We do have a number of appointments and contacts and I do think there will be probably around in third quarter, when we think we'll see some significant opportunities. You have to remember that food service includes convenience stores, colleges and -- these are all areas we're working on now very actively. Convenience stores, college and universities, which we're doing great. Independent delis, where we have put together a kiosk concept as well as hotels and institutions.
All that is going on right now. They're each separate. That is in addition to what we commonly know as food services, restaurant chains.
Okay. And is the team that's involved in this? Or is it just a couple of people or one person to have.
We have a dedicated person handling it, and then we've got some help from some affiliates of our company, and we like to use agents who are sales -- commission salespeople, some of them are on retainer. So we have appointed a number of people in that to help us.
Okay. And one final question. What does the acquisition landscape look like? And what opportunities are you seeing or being brought to you that seem intriguing?
Well, there are a number of opportunities and a number of them haven't met our criteria, either that they're not making substantial income, or they can't be integrated well or their price is higher than we'd like to pay. We're looking for an acquisition that would be immediately accretive to the company. We do have candidates.
Okay.
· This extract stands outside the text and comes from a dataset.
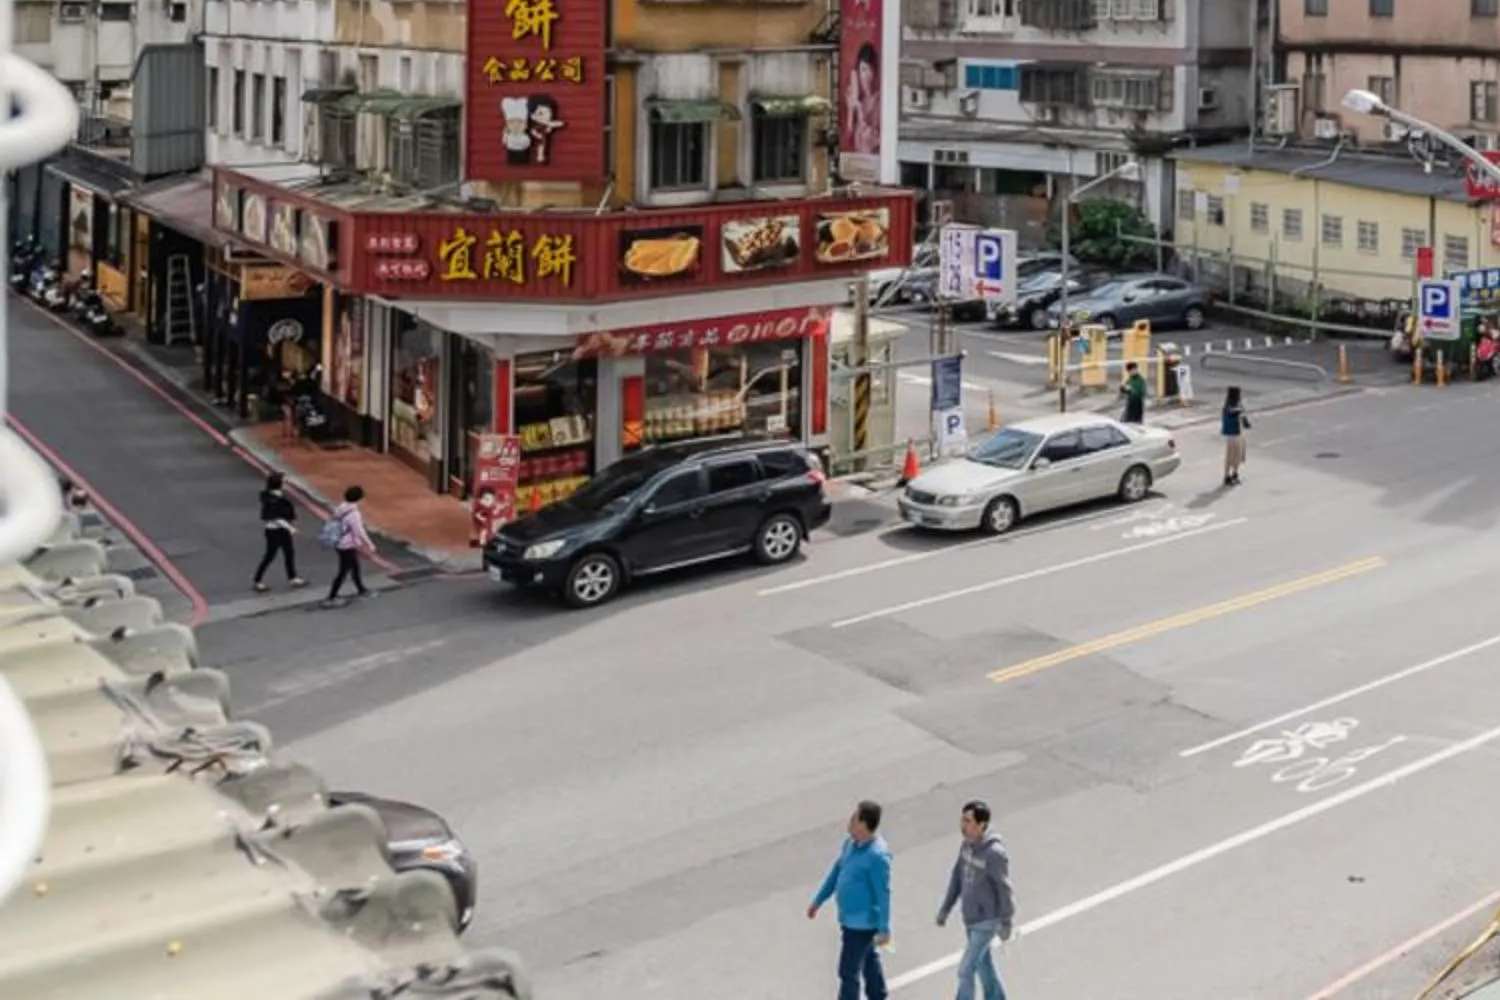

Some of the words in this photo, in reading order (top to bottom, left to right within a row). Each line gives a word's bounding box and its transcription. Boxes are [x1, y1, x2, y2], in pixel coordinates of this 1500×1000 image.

Well, keep up the good work, guys.
Thank you.
This concludes our question-and-answer session. I would like to turn the conference back over to Carl Wolf for any closing remarks.
Thank you, operator. As a final note, once COVID-19 subsides, we will continue to be active in attending top investor conferences and investor nondeal roadshows, marketing on both coasts of the U.S. In the meantime, we will continue our efforts on a virtual basis. If interested in schedule a meeting with management, when we are in your region, please reach out our IR firm, MZ Group, to arrange.
I might mention that I'm giving a presentation tomorrow on the Planet Microcap seminar, and I am holding one-on-one meetings, which you can do by signing up. There's a press release on that. Anybody would like to do that. So on that, I want to thank everyone again, and we look forward to continuing to update you on our progress in the coming quarters. We also -- I should also mention that we'll be holding a virtual annual meeting.
The date is June 24, and it will be at 12:00 noon. So we're moving ahead on that.
Thank you again very much. And with that, that concludes our meeting.
The conference has now concluded. Thank you for attending today's presentation. You may now disconnect.